> _Data to examine_

================

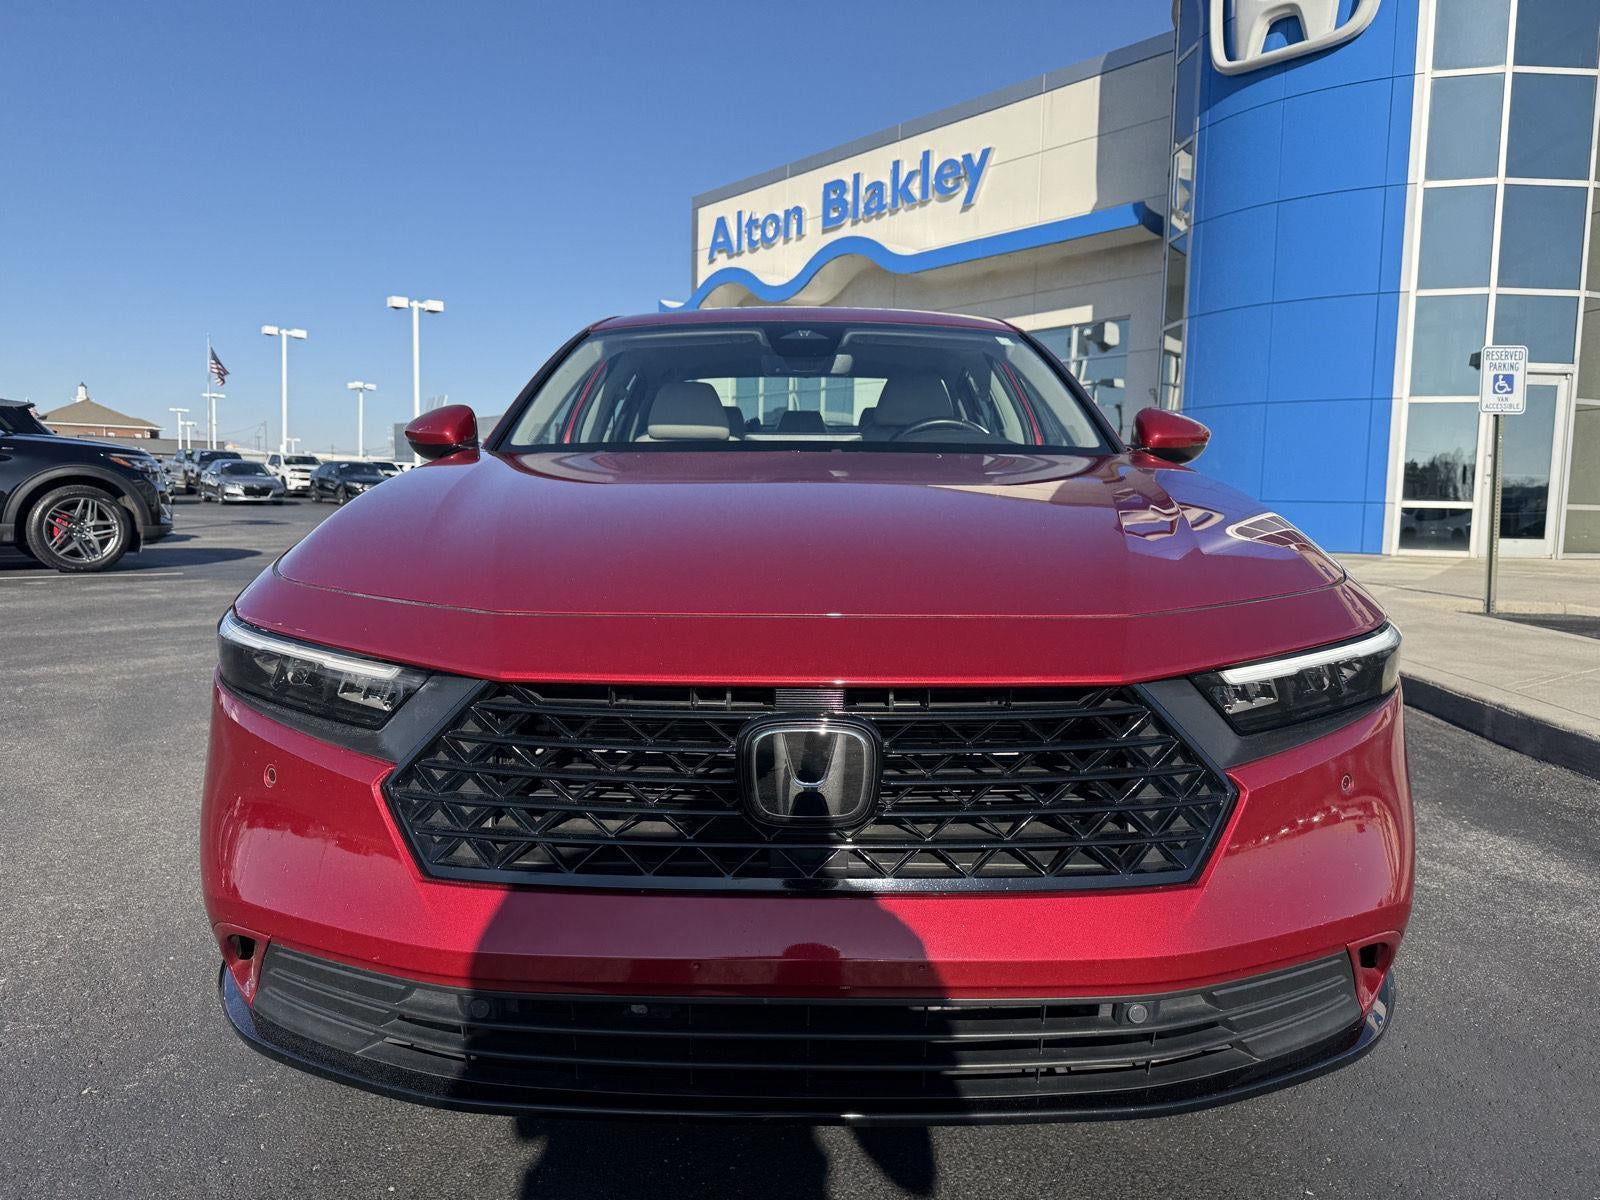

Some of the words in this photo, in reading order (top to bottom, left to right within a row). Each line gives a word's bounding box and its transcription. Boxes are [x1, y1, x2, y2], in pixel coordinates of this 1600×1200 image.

[707, 205, 805, 263] Alton
[821, 147, 994, 232] Blakley
[1485, 350, 1524, 361] RESERVED
[1488, 362, 1520, 372] PARKING
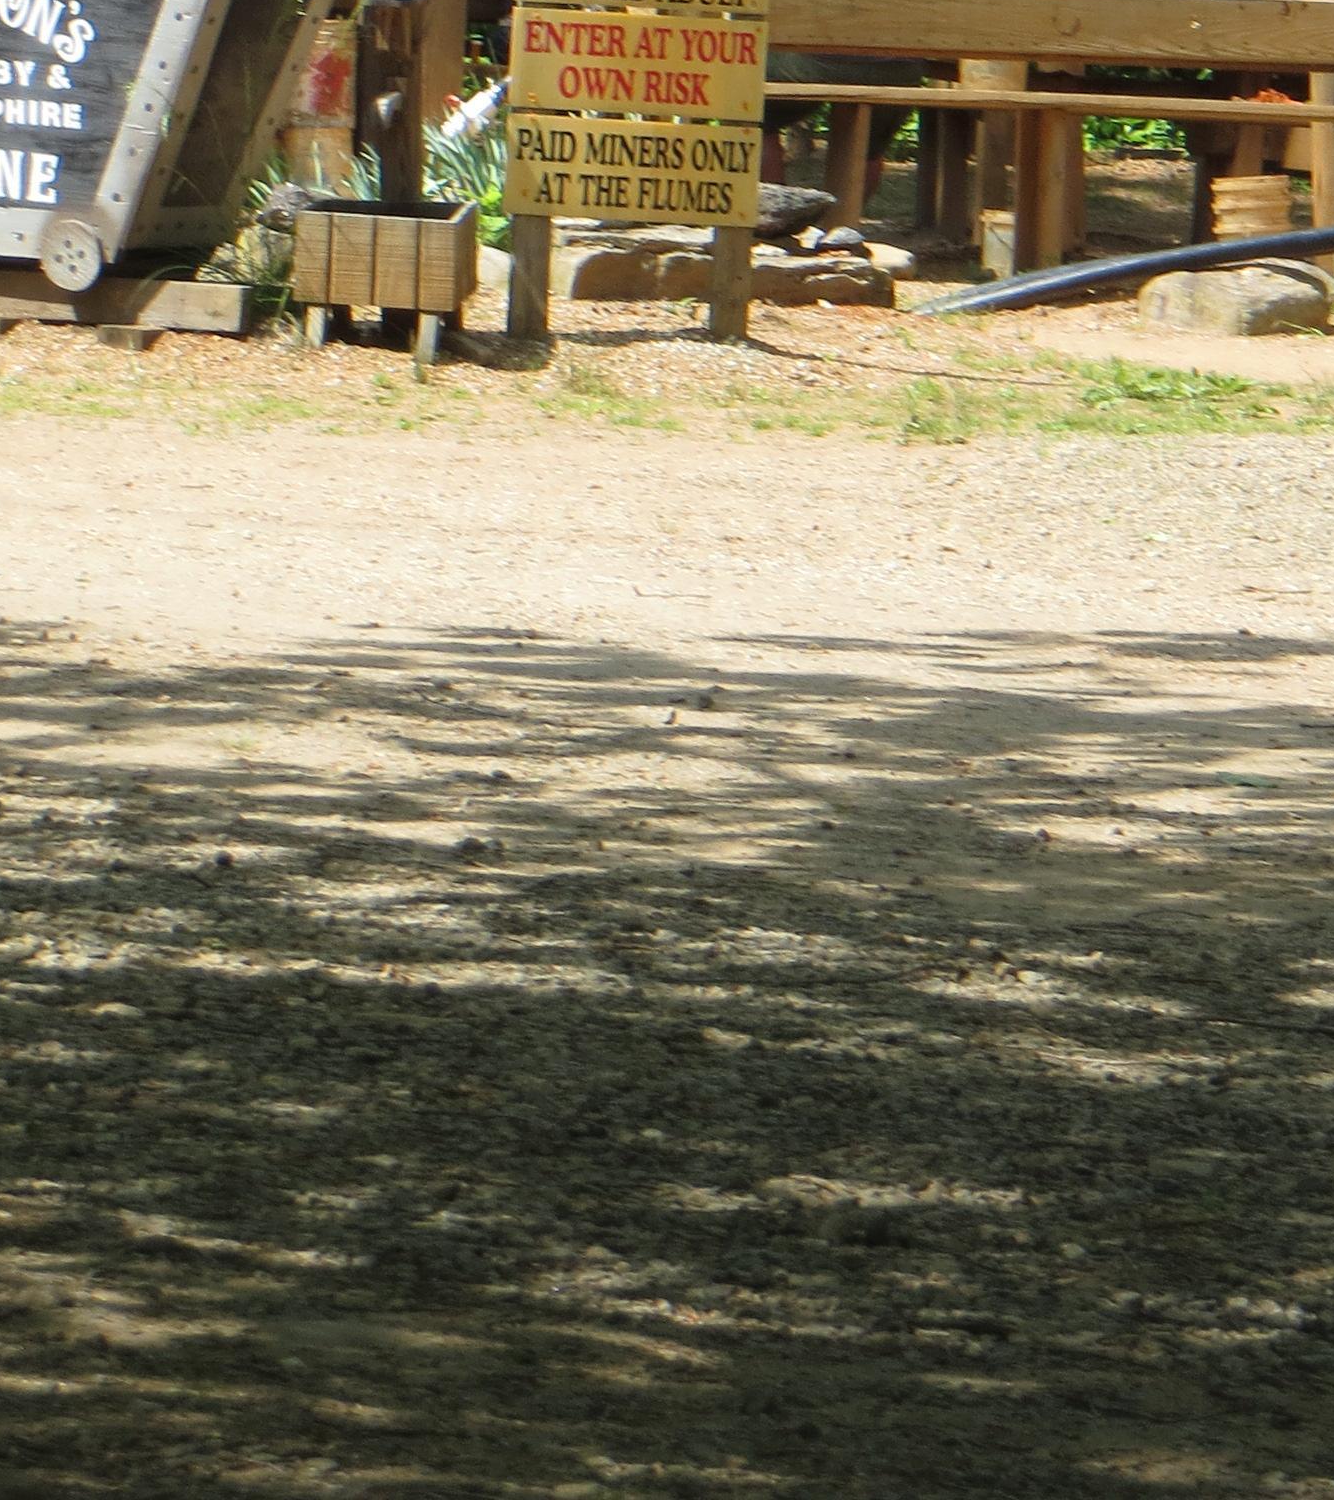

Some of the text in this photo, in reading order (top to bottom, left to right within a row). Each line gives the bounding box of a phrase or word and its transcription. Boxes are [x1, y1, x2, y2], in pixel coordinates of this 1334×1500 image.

[524, 19, 758, 65] ENTER AT YOUR
[46, 64, 72, 90] &
[558, 65, 709, 106] OWN RISK
[516, 128, 756, 174] PAID MINERS ONLY
[534, 171, 734, 214] AT THE FLUMES

================

> _What you have to do_
When you copy the listing above, reproduce every line exactly and skip the images.

> _Answer section_
Some of the words in this photo, in reading order (top to bottom, left to right within a row). Each line gives a word's bounding box and its transcription. Boxes are [x1, y1, x2, y2], in pixel coordinates of this 1600×1200 image.

[707, 205, 805, 263] Alton
[821, 147, 994, 232] Blakley
[1485, 350, 1524, 361] RESERVED
[1488, 362, 1520, 372] PARKING

Some of the text in this photo, in reading order (top to bottom, left to right within a row). Each line gives the bounding box of a phrase or word and its transcription. Boxes are [x1, y1, x2, y2], in pixel coordinates of this 1334×1500 image.

[524, 19, 758, 65] ENTER AT YOUR
[46, 64, 72, 90] &
[558, 65, 709, 106] OWN RISK
[516, 128, 756, 174] PAID MINERS ONLY
[534, 171, 734, 214] AT THE FLUMES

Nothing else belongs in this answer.